Researchers at Johns Hopkins are warning that inappropriate reporting processes may be hiding real dangers tied to robotic surgical procedures, such as those conducted using Intuitive Surgical’s da Vinci system. Most reported injuries and deaths involved gynecologic surgery.
The researchers reviewed U.S. Food and Drug Administration (FDA) databases, cross-referencing court records and news reports with the agency’s adverse events reports. The team discovered 8 adverse events that “were not appropriately reported to the FDA,” according to MassDevice.com. Five cases were never filed and two were filed after media outlets became aware of the matters. It is possible that more cases have occurred and not been reported, the researchers said.
Of the reports, it was gynecological procedures conducted via robot-assisted surgery that were connected with the highest death rates, according to MassDevice.com, which noted that of 71 reported deaths, 22 involved robot-assisted gynecologic procedures. Hysterectomies were associated with the highest reported complication rates—43 percent of injuries—and typically involved excessive bleeding.
The Johns Hopkins report was just published in the Journal for Healthcare Quality and discusses a so-called “slapdash” system of reporting complications associated with the robotic devices, according to MassDevice.com.
“The number reported is very low for any complex technology used over a million times,” Johns Hopkins associate professor Dr. Martin Makary said. “Doctors and patients can’t properly evaluate safety when we have a haphazard system of collecting data that is not independent and not transparent. There may be some complications specific to the use of this device, but we can only learn about them if we accurately track outcomes,” Dr. Makary added, according to MassDevice.com.
Some 1 million robotically assisted surgeries have taken place since 2000; however, U.S. Food and Drug Administration (FDA) data only indicates that 245 complication reports have been made, including reports of 72 deaths, MassDevice.com reported. The researchers say that the number is simply too low for the amount of complex surgeries that have been completed and that current reporting standards may be, in part, to blame.

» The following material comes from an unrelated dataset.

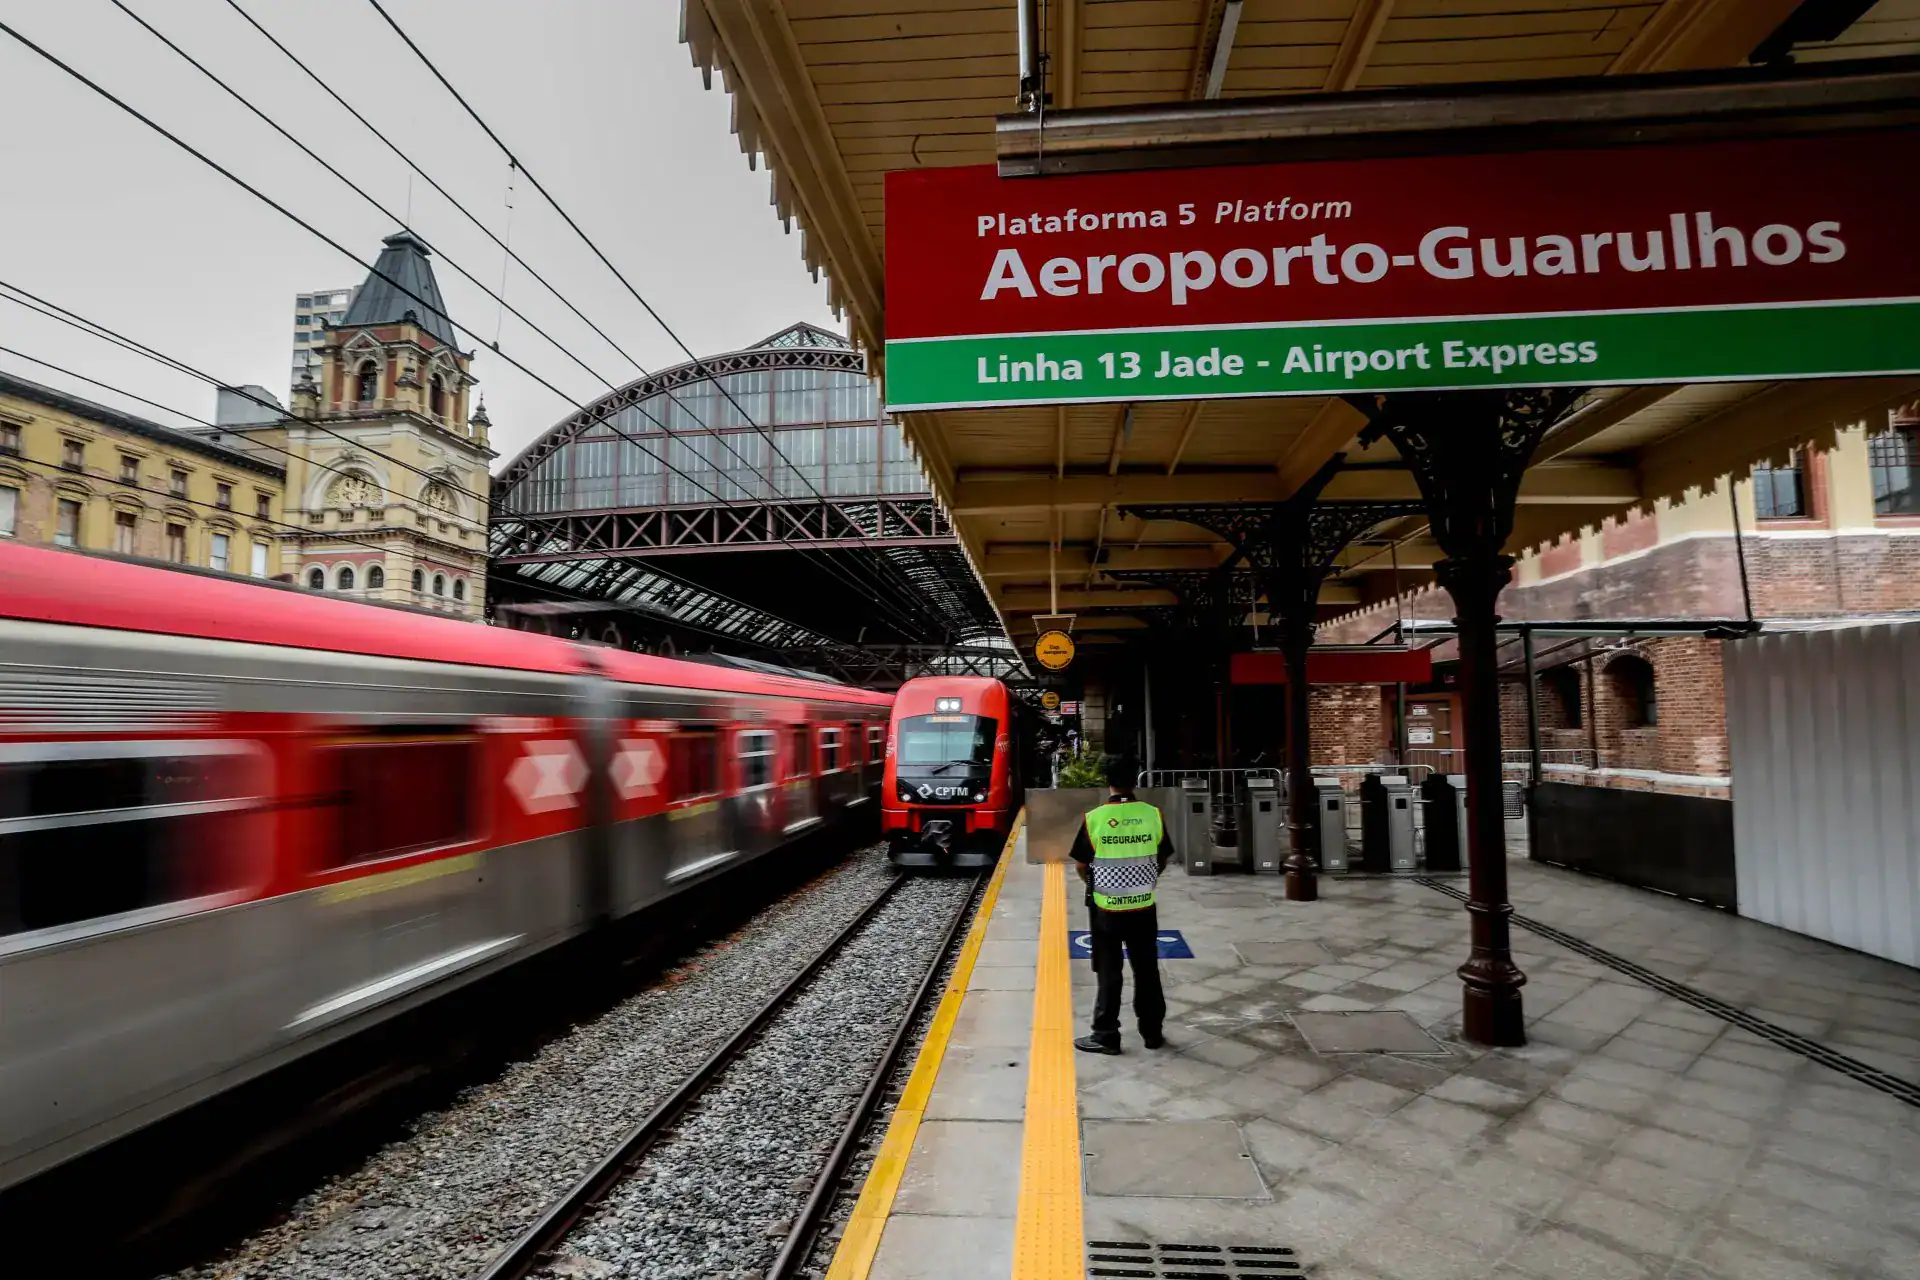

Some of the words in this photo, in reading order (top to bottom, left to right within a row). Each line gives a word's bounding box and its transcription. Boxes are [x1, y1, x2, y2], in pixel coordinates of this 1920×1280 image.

“We need to be able to give patients answers to their questions about safety and how much risk is associated with the robot. We have all suspected the answer has not been zero,” Dr. Makary said. “We still don’t really know what the true answer is,” he said, MassDevice.com reported.
Dr. Makary pointed out, according to MassDevice.com that, “We need innovation in medicine and, in this country, we are tremendously good at introducing new technologies…. But we have to evaluate new technology properly so we don’t over-adopt, or under-adopt, important advances that could benefit patients.”
Robotic surgery has been the focus of not just injury reports, but mounting litigation, as well. The systems recently caught the attention of federal regulators. An FDA warning letter cited “objectionable observations” about Intuitive Surgical’s complaint handling and recall procedures regarding its da Vinci system, according to MassDevice.com.